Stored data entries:
+++

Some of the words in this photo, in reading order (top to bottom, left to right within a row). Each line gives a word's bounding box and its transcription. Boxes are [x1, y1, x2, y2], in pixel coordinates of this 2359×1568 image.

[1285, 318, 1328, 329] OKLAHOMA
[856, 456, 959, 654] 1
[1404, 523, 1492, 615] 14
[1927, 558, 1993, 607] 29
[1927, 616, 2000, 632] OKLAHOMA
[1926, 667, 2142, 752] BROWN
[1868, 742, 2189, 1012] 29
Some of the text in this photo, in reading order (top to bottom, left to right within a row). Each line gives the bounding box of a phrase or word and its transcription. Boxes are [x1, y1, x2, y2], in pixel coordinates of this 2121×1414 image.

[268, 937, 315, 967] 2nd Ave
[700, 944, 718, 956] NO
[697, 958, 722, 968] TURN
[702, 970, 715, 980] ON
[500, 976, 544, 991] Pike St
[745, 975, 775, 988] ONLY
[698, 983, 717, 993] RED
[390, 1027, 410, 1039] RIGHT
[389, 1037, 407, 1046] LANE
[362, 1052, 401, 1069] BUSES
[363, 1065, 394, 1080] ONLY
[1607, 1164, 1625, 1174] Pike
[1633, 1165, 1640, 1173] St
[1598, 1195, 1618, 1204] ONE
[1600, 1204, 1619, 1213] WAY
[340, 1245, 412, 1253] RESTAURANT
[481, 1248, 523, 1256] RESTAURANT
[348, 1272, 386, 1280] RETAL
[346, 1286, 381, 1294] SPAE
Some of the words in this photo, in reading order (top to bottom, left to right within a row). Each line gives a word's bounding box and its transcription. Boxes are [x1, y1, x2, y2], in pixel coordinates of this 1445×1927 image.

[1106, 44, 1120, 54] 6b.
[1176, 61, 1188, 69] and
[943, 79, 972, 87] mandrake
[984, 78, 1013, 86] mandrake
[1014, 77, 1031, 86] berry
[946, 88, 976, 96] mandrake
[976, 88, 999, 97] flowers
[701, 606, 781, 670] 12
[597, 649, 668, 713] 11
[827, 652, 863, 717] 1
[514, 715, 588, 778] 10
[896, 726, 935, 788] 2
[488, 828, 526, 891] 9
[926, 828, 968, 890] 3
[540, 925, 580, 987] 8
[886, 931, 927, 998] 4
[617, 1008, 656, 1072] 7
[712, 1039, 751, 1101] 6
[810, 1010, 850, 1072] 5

+++

• **Task to complete**
The records above are to be output in full and without error.

• **Answer below**
Some of the words in this photo, in reading order (top to bottom, left to right within a row). Each line gives a word's bounding box and its transcription. Boxes are [x1, y1, x2, y2], in pixel coordinates of this 2359×1568 image.

[1285, 318, 1328, 329] OKLAHOMA
[856, 456, 959, 654] 1
[1404, 523, 1492, 615] 14
[1927, 558, 1993, 607] 29
[1927, 616, 2000, 632] OKLAHOMA
[1926, 667, 2142, 752] BROWN
[1868, 742, 2189, 1012] 29
Some of the text in this photo, in reading order (top to bottom, left to right within a row). Each line gives the bounding box of a phrase or word and its transcription. Boxes are [x1, y1, x2, y2], in pixel coordinates of this 2121×1414 image.

[268, 937, 315, 967] 2nd Ave
[700, 944, 718, 956] NO
[697, 958, 722, 968] TURN
[702, 970, 715, 980] ON
[500, 976, 544, 991] Pike St
[745, 975, 775, 988] ONLY
[698, 983, 717, 993] RED
[390, 1027, 410, 1039] RIGHT
[389, 1037, 407, 1046] LANE
[362, 1052, 401, 1069] BUSES
[363, 1065, 394, 1080] ONLY
[1607, 1164, 1625, 1174] Pike
[1633, 1165, 1640, 1173] St
[1598, 1195, 1618, 1204] ONE
[1600, 1204, 1619, 1213] WAY
[340, 1245, 412, 1253] RESTAURANT
[481, 1248, 523, 1256] RESTAURANT
[348, 1272, 386, 1280] RETAL
[346, 1286, 381, 1294] SPAE
Some of the words in this photo, in reading order (top to bottom, left to right within a row). Each line gives a word's bounding box and its transcription. Boxes are [x1, y1, x2, y2], in pixel coordinates of this 1445×1927 image.

[1106, 44, 1120, 54] 6b.
[1176, 61, 1188, 69] and
[943, 79, 972, 87] mandrake
[984, 78, 1013, 86] mandrake
[1014, 77, 1031, 86] berry
[946, 88, 976, 96] mandrake
[976, 88, 999, 97] flowers
[701, 606, 781, 670] 12
[597, 649, 668, 713] 11
[827, 652, 863, 717] 1
[514, 715, 588, 778] 10
[896, 726, 935, 788] 2
[488, 828, 526, 891] 9
[926, 828, 968, 890] 3
[540, 925, 580, 987] 8
[886, 931, 927, 998] 4
[617, 1008, 656, 1072] 7
[712, 1039, 751, 1101] 6
[810, 1010, 850, 1072] 5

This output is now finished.